The loss function versus curve is shown in fig. 4 when trained and tested using a conventional YOLOv3 network and an improved YOLOv3 network. It can be seen that the improved YOLOv3 network converges faster than the conventional YOLOv3 network, and the loss function of the improved YOLOv3 network decreases lower after the loss function has stabilized.
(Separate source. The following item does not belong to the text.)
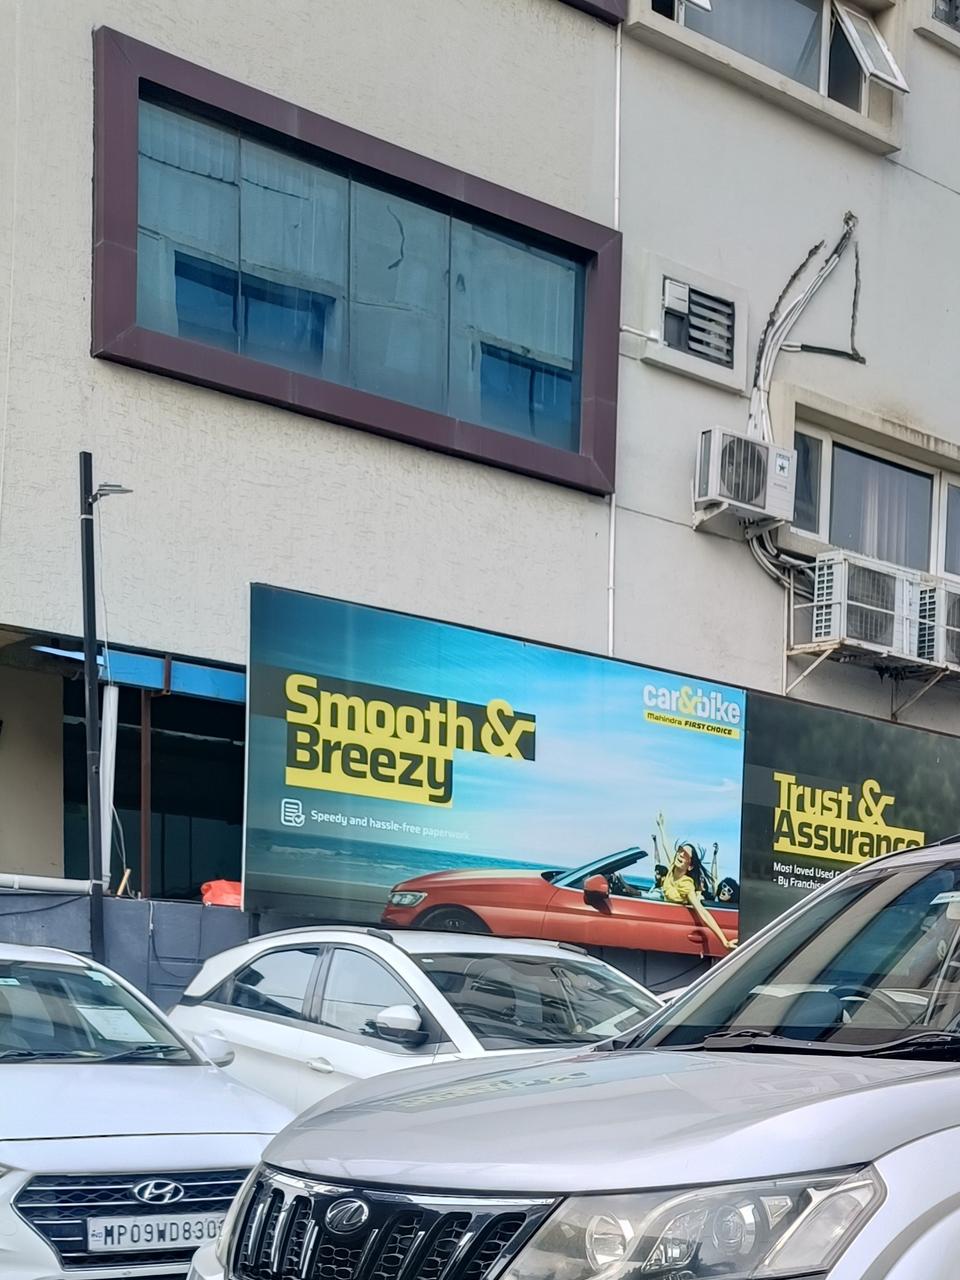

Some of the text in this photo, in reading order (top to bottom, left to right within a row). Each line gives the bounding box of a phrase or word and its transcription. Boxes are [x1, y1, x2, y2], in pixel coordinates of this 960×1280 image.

The above description is only of the preferred embodiments of the present invention, and it should be noted that: it will be apparent to those skilled in the art that various modifications and adaptations can be made without departing from the principles of the invention and these are intended to be within the scope of the invention.

Claims

1. An SAR image target detection method based on an improved YOLOv3 network is characterized in that: the method comprises the following steps:

step 1, preparing an SAR image training data set, attaching a labeling frame parameter to each known target in the data set, wherein the method comprises the following steps: frame center coordinates, frame width and height, object category and confidence; inputting the SAR image training data set into a Darknet53 network, and performing feature extraction on the SAR image to obtain a basic feature map of the SAR image;

step 3, inputting the multi-scale feature map into a prediction network, and adjusting and optimizing the parameters of the candidate frame;

2. The SAR image target detection method based on the improved YOLOv3 network as claimed in claim 1, characterized in that: in step 3, the candidate frame parameters need to be initialized before being optimized, where the initial values of the frame width and height parameters are calculated as follows:

(2) And (3) clustering the size of the marked frame by a k-means clustering method, wherein the distance metric d used for clustering is calculated as follows:

d(A,B)＝1-r _IOU (A,B)

wherein A and B are two different bounding boxes, r _IOU Representing the cross-over ratio operation, r _IOU (A, B) represents the intersection ratio between the bounding boxes A and B, n represents the intersection operation, and u represents the union operation;

3. The method for detecting the SAR image target based on the improved YOLOv3 network as claimed in claim 1, wherein: in step 4, the loss function is expressed as follows:

l _total ＝l _box +l _cls +l _obj

frame regression loss l _box Is represented as follows:

and

is shown as B _i,j And with

representing a label frame corresponding to the ith grid;

loss of classification l _cls Is represented as follows:

wherein p is _i，j The probability that the jth candidate box for the ith mesh is predicted to contain the target,

loss of confidence l _obj Is represented as follows:

wherein λ is _noobj Is a weighting factor;

representing whether the jth candidate frame of the ith grid contains a target or not, wherein the value of no target is 1, and otherwise, the value is 0; c _i,j The confidence score for the jth candidate box representing the ith mesh,

r mentioned above _GIOU The calculation is as follows:

wherein D is the smallest closed convex surface of bounding box a and bounding box B, i.e. the smallest box that can enclose them; d \ represents the rest part of the union of the A and the B in the D;

where u is the candidate box parameter,

is the label box parameter.

4. The SAR image target detection method based on the improved YOLOv3 network as claimed in claim 3, characterized in that: the confidence score C _i，j The calculation is as follows:

is shown as B _i,j And

and representing the label box corresponding to the ith grid.